Instructions for the task
Your reply must be the number of lines in the entries that hold the word "YAMAHA", and nothing else.

[Opening Records provided section]

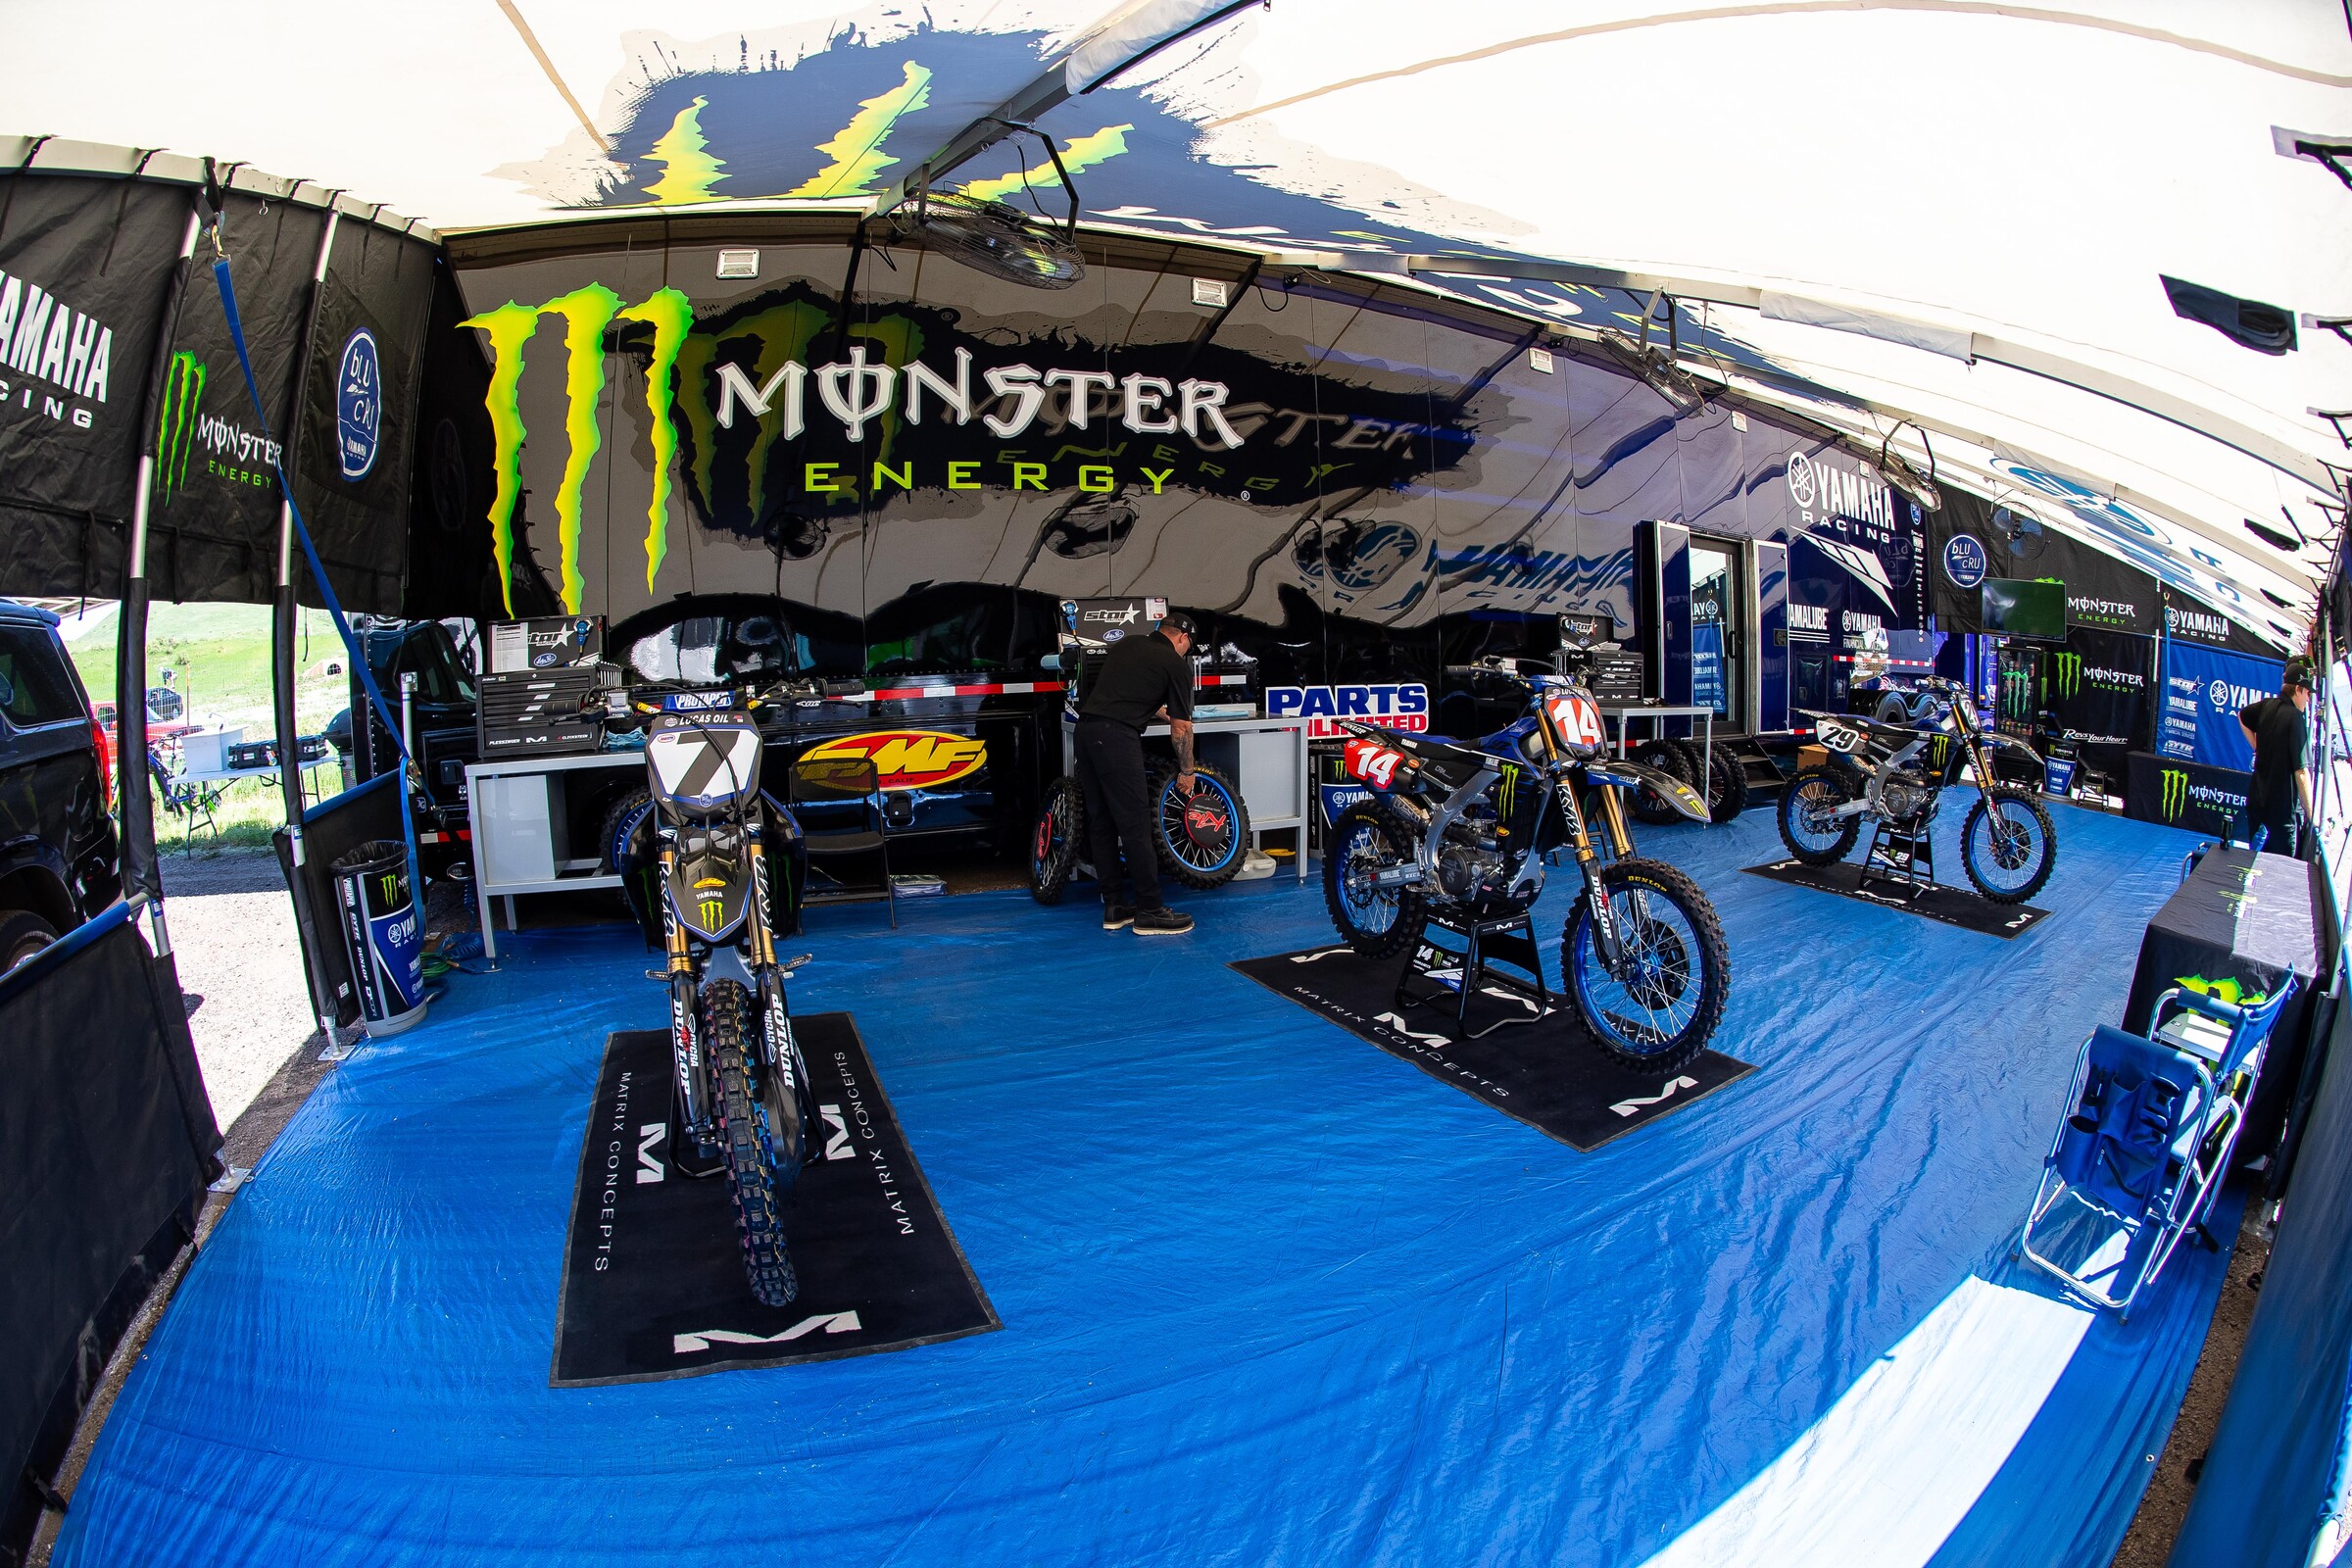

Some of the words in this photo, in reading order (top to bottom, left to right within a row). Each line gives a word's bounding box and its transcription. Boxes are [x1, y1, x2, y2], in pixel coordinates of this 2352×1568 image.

[0, 269, 113, 403] AMAHA
[714, 346, 1246, 449] MONSTER
[197, 413, 283, 470] MONSTER
[208, 460, 272, 488] ENERGY
[805, 461, 1175, 495] ENERGY
[1815, 462, 1896, 530] YAMAHA
[1801, 510, 1891, 544] RACING
[2068, 597, 2136, 618] MONSTER
[2078, 613, 2126, 625] ENERGY
[1851, 612, 1882, 632] YAMAHA
[2170, 627, 2227, 642] RACING
[2180, 611, 2230, 635] YAMAHA
[2083, 667, 2144, 687] MONSTER
[2092, 682, 2135, 694] ENERGY
[676, 692, 732, 708] PROTAPER
[1267, 685, 1427, 717] PARTS
[2230, 684, 2278, 709] YAMA
[679, 713, 710, 726] LUCAS
[712, 714, 729, 723] OIL
[1307, 714, 1427, 737] LITED
[1340, 722, 1366, 735] DUNLOP
[1553, 700, 1601, 745] 14
[2172, 717, 2196, 732] YAMAHA
[1821, 726, 1857, 750] 29
[672, 731, 740, 796] 7
[1193, 766, 1215, 776] UNLOP
[1356, 746, 1400, 785] 14
[1346, 791, 1375, 804] YAMA
[2197, 802, 2238, 815] ENERGY
[1355, 814, 1379, 825] DUNLOP
[1896, 851, 1910, 861] 29
[1379, 868, 1400, 879] YAMALUBE
[1628, 875, 1668, 892] DUNLOP
[695, 891, 723, 900] YAMAHA
[1592, 874, 1612, 939] DUNLOP
[401, 912, 416, 938] YAM
[357, 946, 368, 981] DUNLOP
[1415, 945, 1435, 961] 14
[1294, 986, 1366, 1023] MATRIX
[764, 1009, 775, 1043] CYCRA
[673, 999, 691, 1096] DUNLOP
[771, 993, 795, 1089] DUNLOP
[1373, 1026, 1509, 1097] CONCEPTS
[612, 1072, 632, 1131] MATRIX
[833, 1052, 875, 1140] CONCEPTS
[869, 1150, 915, 1235] MATRIX
[594, 1141, 621, 1271] CONCEPTS

[Closing Records provided section]

Result for this task
5